I closed my eyes, hoping against hope that this whole alien invasion thing was some kind of stupid misunderstanding. But if I was indeed going to be abducted and whisked off to planet Krull, well, by God, I was going out in style—and with a ready supply of high-fructose corn syrup.
“You ready?” I heard Grayson ask.
I opened my eyes. He was standing in the hallway of the RV, talking to Earl.
“Yes sir, Mr. G.,” Earl said, and saluted.
My lip snarled. “What are you two doing?”
Grayson reached into his potion cabinet. “I’m giving our trooper here something to make him feel invincible.”
My eyebrows inched closer. “Jack Daniels?”
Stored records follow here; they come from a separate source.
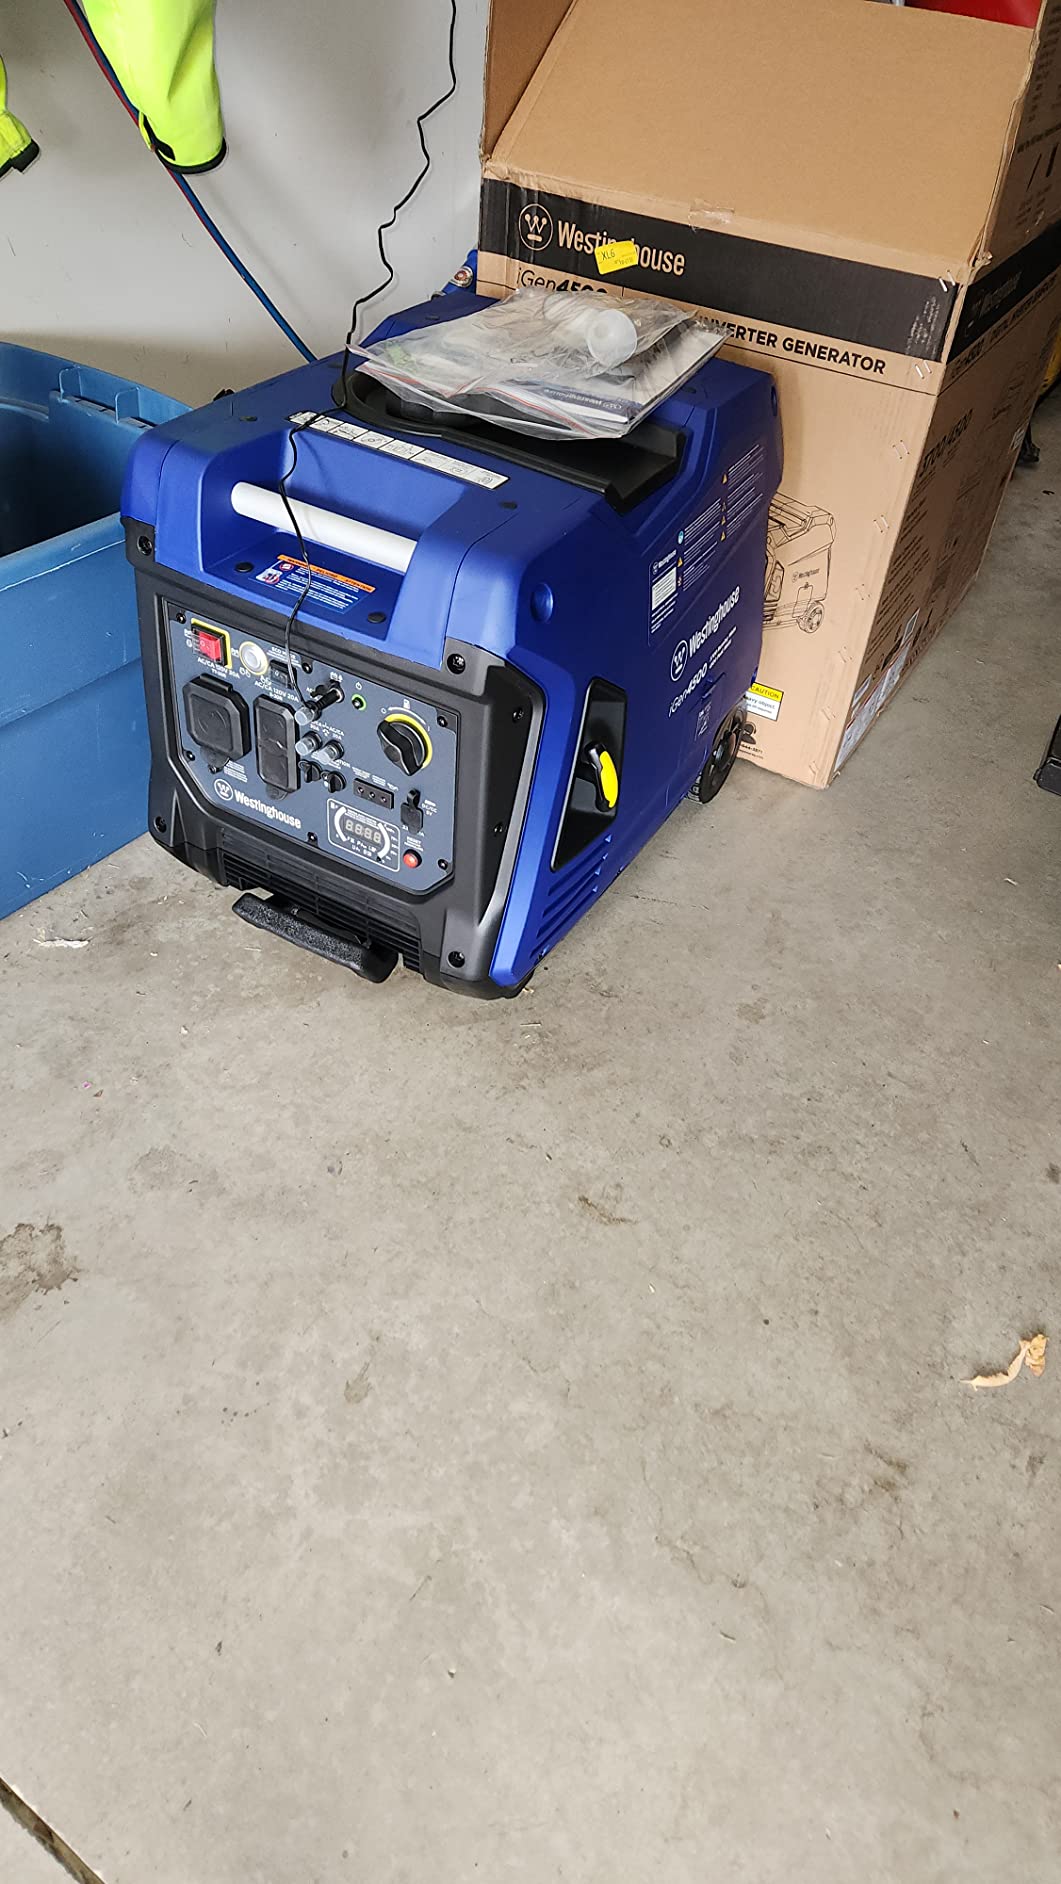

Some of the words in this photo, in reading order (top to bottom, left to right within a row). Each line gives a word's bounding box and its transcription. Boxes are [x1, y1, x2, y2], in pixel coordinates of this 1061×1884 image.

[557, 220, 685, 276] Westihouse
[516, 267, 607, 294] iGen45
[700, 315, 778, 349] ERTER
[782, 337, 886, 375] GENERATOR
[689, 585, 740, 658] Westinghouse
[668, 662, 708, 718] iGen4500
[750, 686, 779, 699] CAUTION
[233, 788, 302, 829] Westinghouse
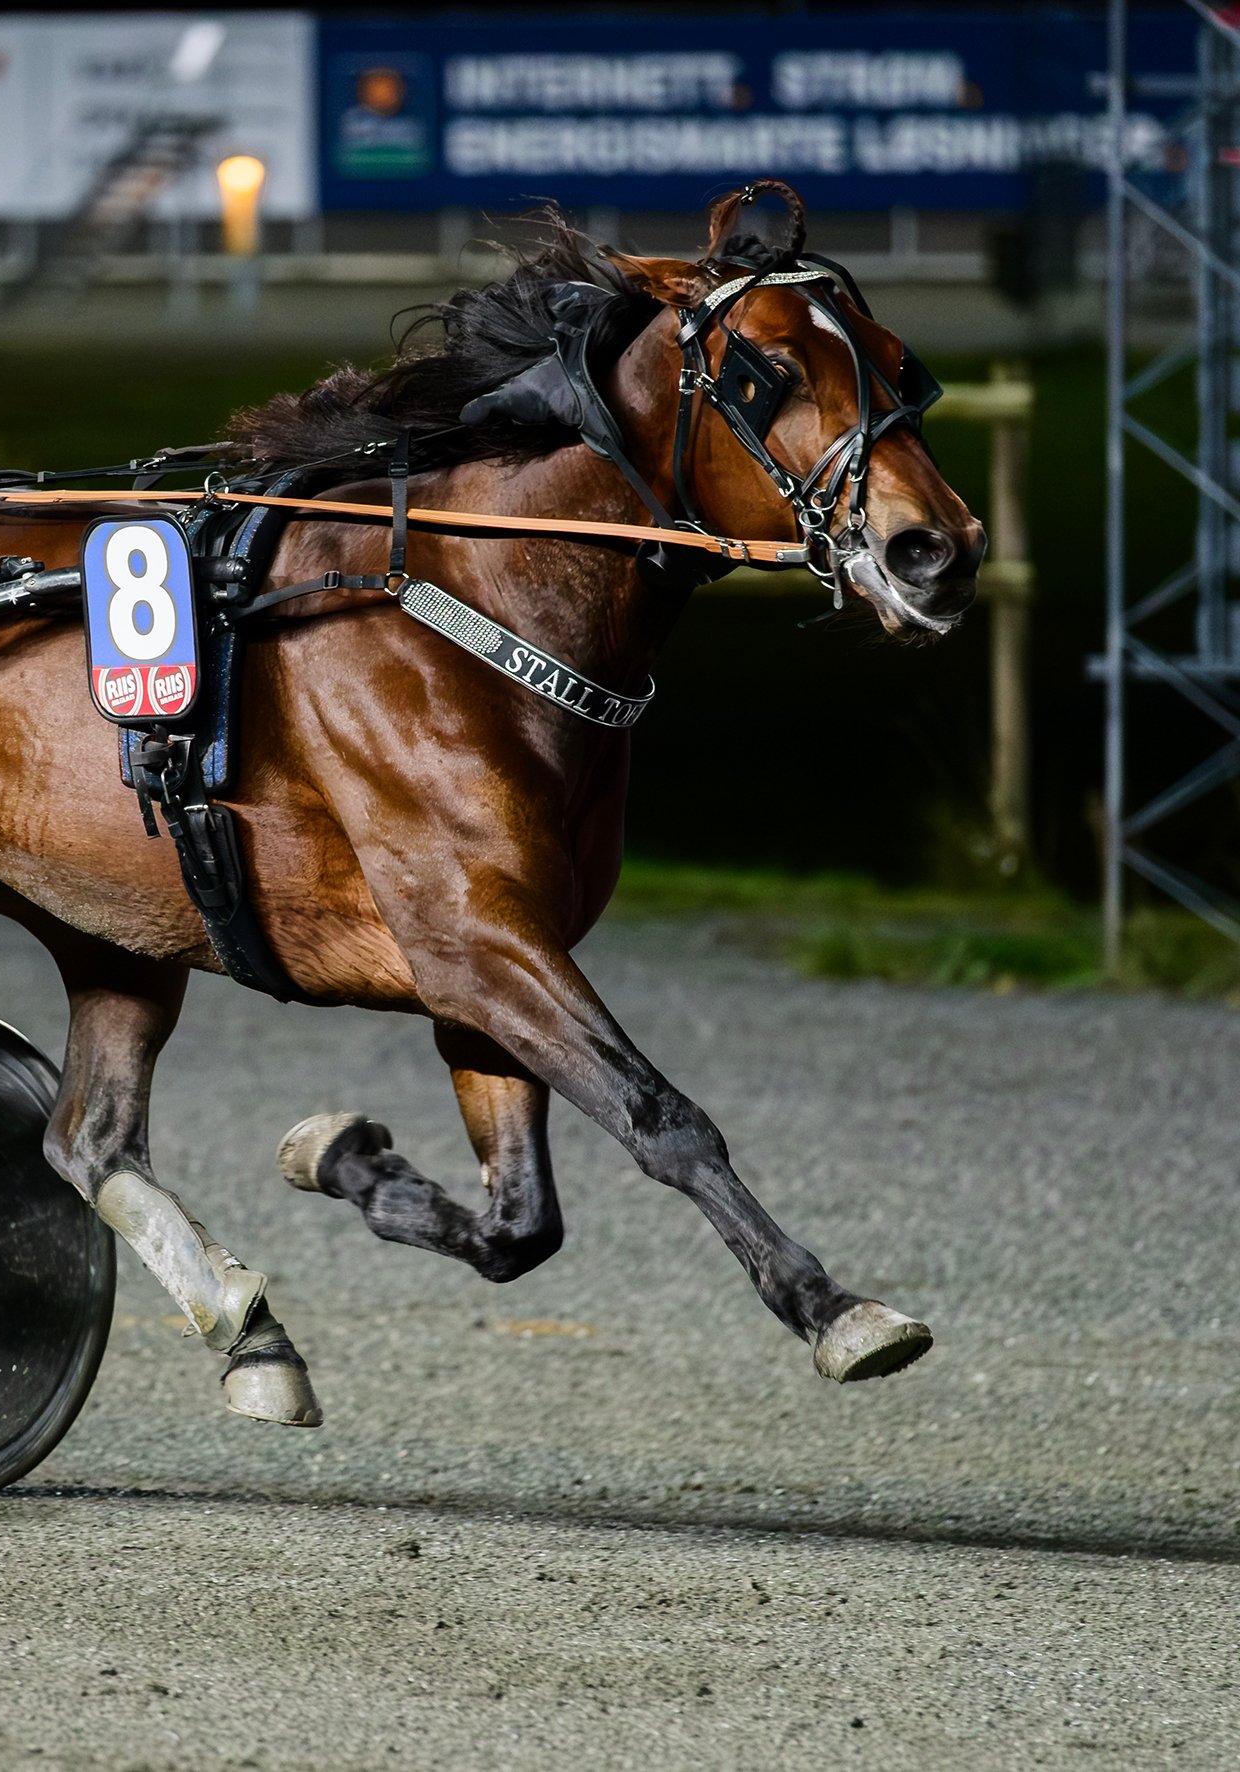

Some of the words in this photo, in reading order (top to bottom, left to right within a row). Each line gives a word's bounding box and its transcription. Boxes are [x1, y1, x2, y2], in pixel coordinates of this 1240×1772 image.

[105, 525, 177, 661] 8
[106, 674, 136, 700] RIIS
[155, 672, 185, 699] RIIS
[505, 647, 594, 714] STALL
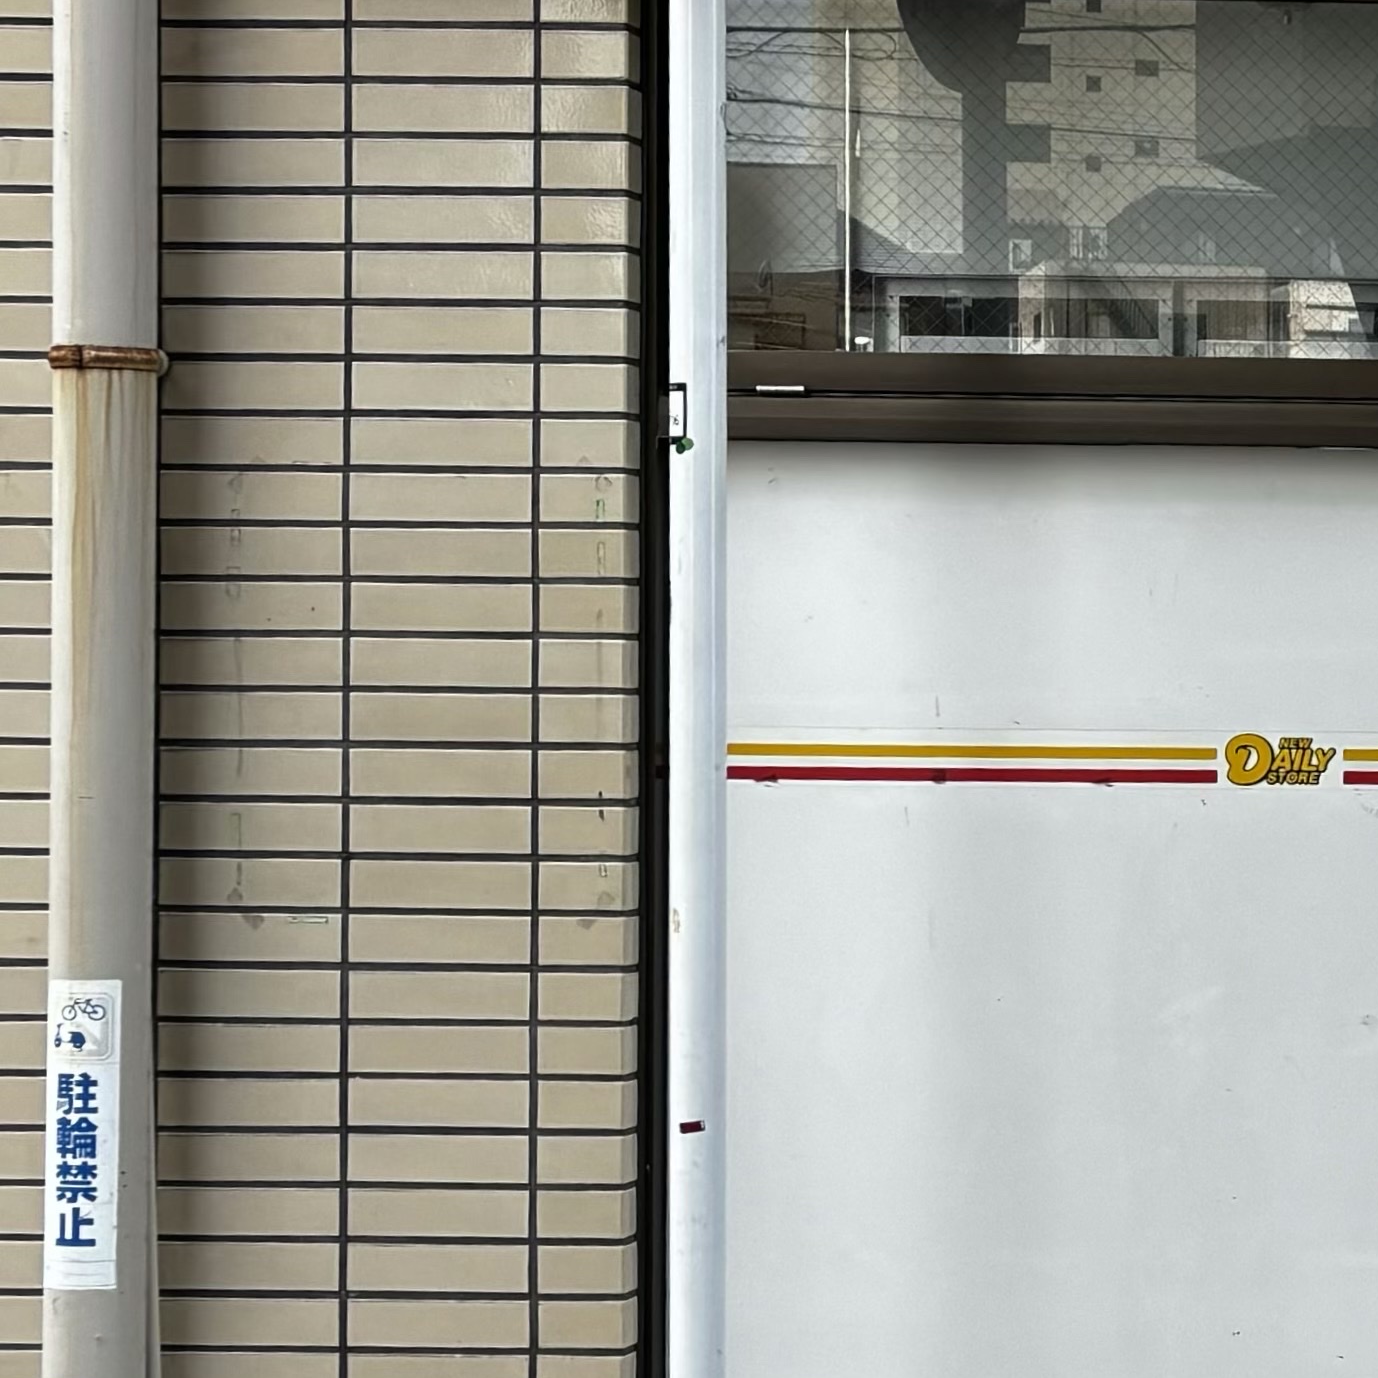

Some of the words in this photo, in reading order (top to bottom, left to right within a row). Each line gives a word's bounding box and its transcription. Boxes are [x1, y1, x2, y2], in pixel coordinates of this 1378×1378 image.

[1225, 733, 1336, 786] DAILY
[1279, 737, 1313, 749] NEW
[1266, 771, 1320, 785] STORE
[55, 1072, 99, 1247] 駐輪禁止
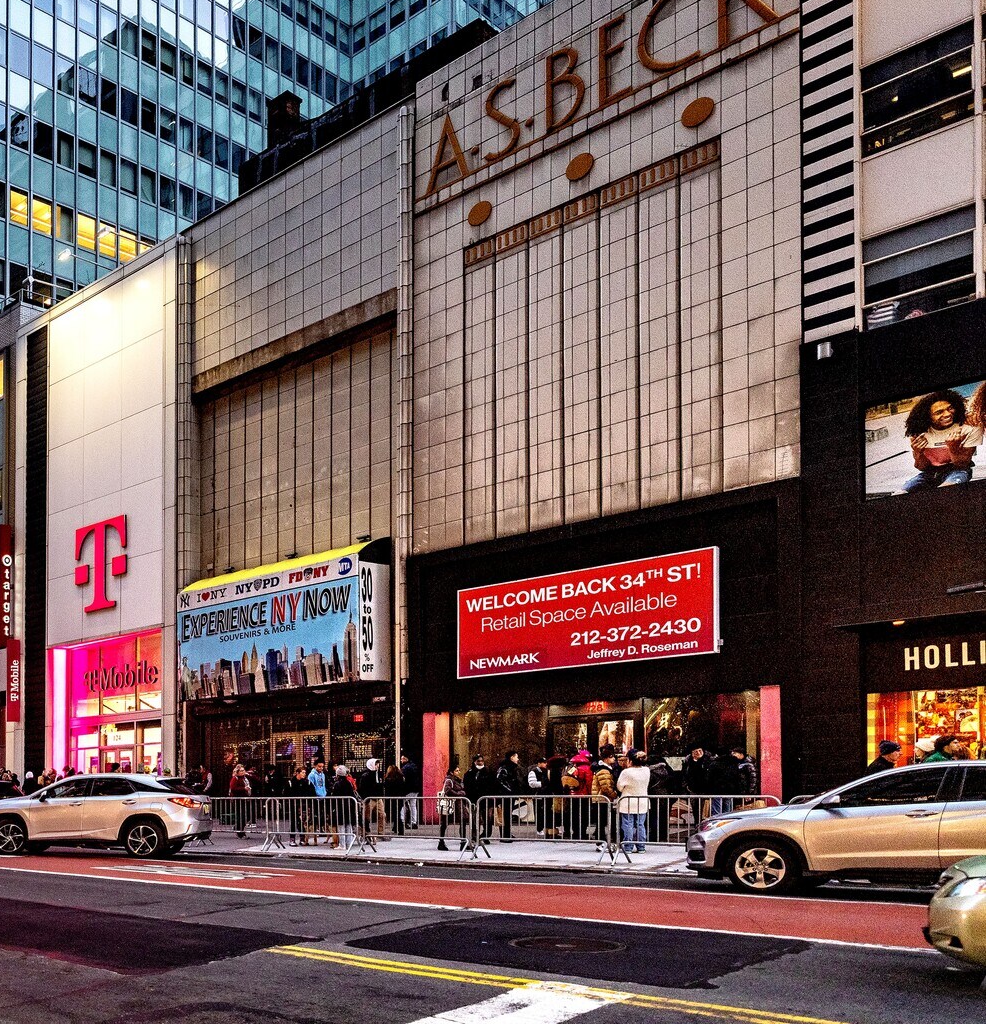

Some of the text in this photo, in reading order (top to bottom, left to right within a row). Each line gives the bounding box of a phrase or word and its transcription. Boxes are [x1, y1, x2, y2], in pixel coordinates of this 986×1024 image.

[74, 514, 128, 613] T
[338, 561, 351, 573] MTA
[361, 566, 373, 603] 30
[466, 585, 558, 613] WELCOME
[561, 576, 616, 599] BACK
[667, 562, 701, 583] ST!
[2, 569, 11, 636] target
[181, 583, 351, 643] EXPERIENCE NY NOW
[363, 606, 372, 614] to
[481, 591, 678, 633] Retail Space Available
[219, 623, 296, 643] SOUVENIRS & MORE
[362, 615, 373, 651] 50
[570, 617, 702, 647] 212-372-2430
[364, 653, 371, 662] %
[469, 651, 540, 670] NEWMARK
[587, 640, 699, 660] Jeffrey D. Roseman
[361, 663, 374, 673] OFF
“No.” Grayson pulled out the Windex bottle and spritzed Earl from head to toe with Alien Parasite Remover. “Now you’ll be untouchable, my good man.”
“In my book, he already was,” I muttered.
Earl grinned and studied his arms as if he’d never laid eyes on them before. “Cool!”
I shook my head. “You really think that’s gonna work?”
Grayson shrugged. “It can’t hurt. I give it a thirty percent chance.”
“How do you figure that?” I asked, watching Earl flap his arms like a water turkey, trying to dry himself.
“I extrapolated from placebo research,” Grayson said. “Like any sugar pill, if you think it will work, it works.”
A twinge of pain shot through my head like a stray bottle rocket. I closed my eyes. Either the Boone’s Farm was beginning to talk, or the little twin inside my brain was trying its best to kick me in the ass.
For once, I had to agree with it. This whole situation was a disaster looking for a place to happen.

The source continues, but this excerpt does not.